The Chargé in Egypt ( Childs ) to the Secretary of State

90. In an informal conversation this morning with Booth, British Judicial Advisor to Egypt, he stated that both he and the British Government were now tending to revise the opinion hitherto held that the prohibition of either imports from or exports to Italy killed the [Page 590] capitulations. He expressed the view that beginning with the French Capitulary Treaty with Turkey of 174029 there was an expressed right of Turkey, and consequently Egypt now has the right, to prohibit exports while the right to prohibit imports seemed to him more clearly established juridically.
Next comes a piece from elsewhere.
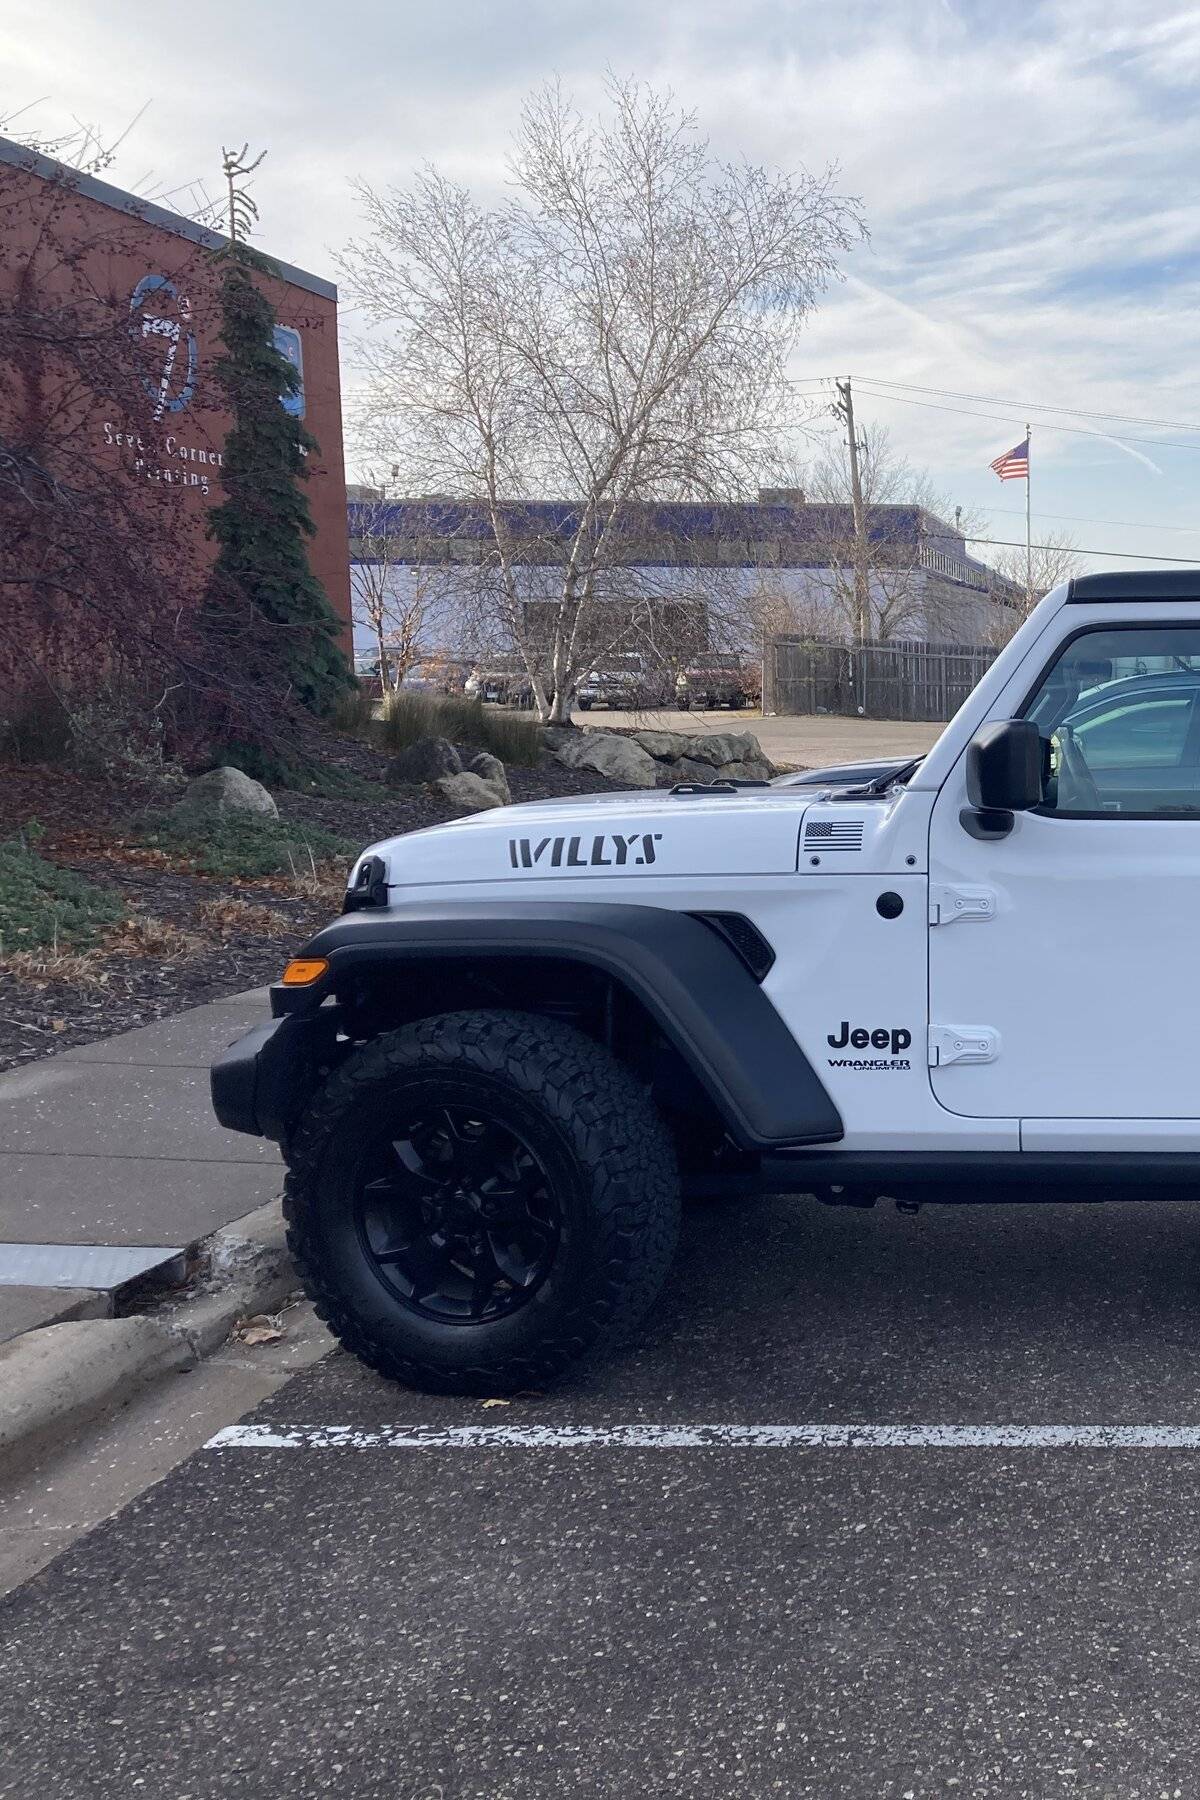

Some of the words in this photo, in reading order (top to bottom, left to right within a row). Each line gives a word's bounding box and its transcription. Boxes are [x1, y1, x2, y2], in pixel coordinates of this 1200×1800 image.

If that view were adopted he said there would be only involved the violation by Egypt of the most favored nation clause with Italy. It was the view of the British Government, and he shared it, that in the preamble to legislation prohibiting imports from and certain exports to Italy there should be invoked the high moral obligation of Egypt to associate itself with League sanctions under present circumstances as well as its obligations as a signatory of the Kellogg Pact. The question of firmer sanctions he regarded as far more difficult and perhaps even impossible of realization by Egypt owing to the capitulations. He added that there remained to be worked out with the Egyptian Government the character and degree of mutual assistance to be accorded by Great Britain upon the application of the sanctions. From other reliable British sources I learn that the protest of the Italian Minister as reported in my telegram No. 89, November 4, 6 p.m.30 was anticipated but will not deter Egypt from the course announced by the Prime Minister. Booth states that the decision of the Egyptian Government regarding the character of sanctions will most probably be made before November 18th.

Childs
  1. François E. G. Saint Priest, Mémoires sur l’ambassade de France en Turquie et le commerce des Français dans le Levant, p. 475.
  2. Not printed.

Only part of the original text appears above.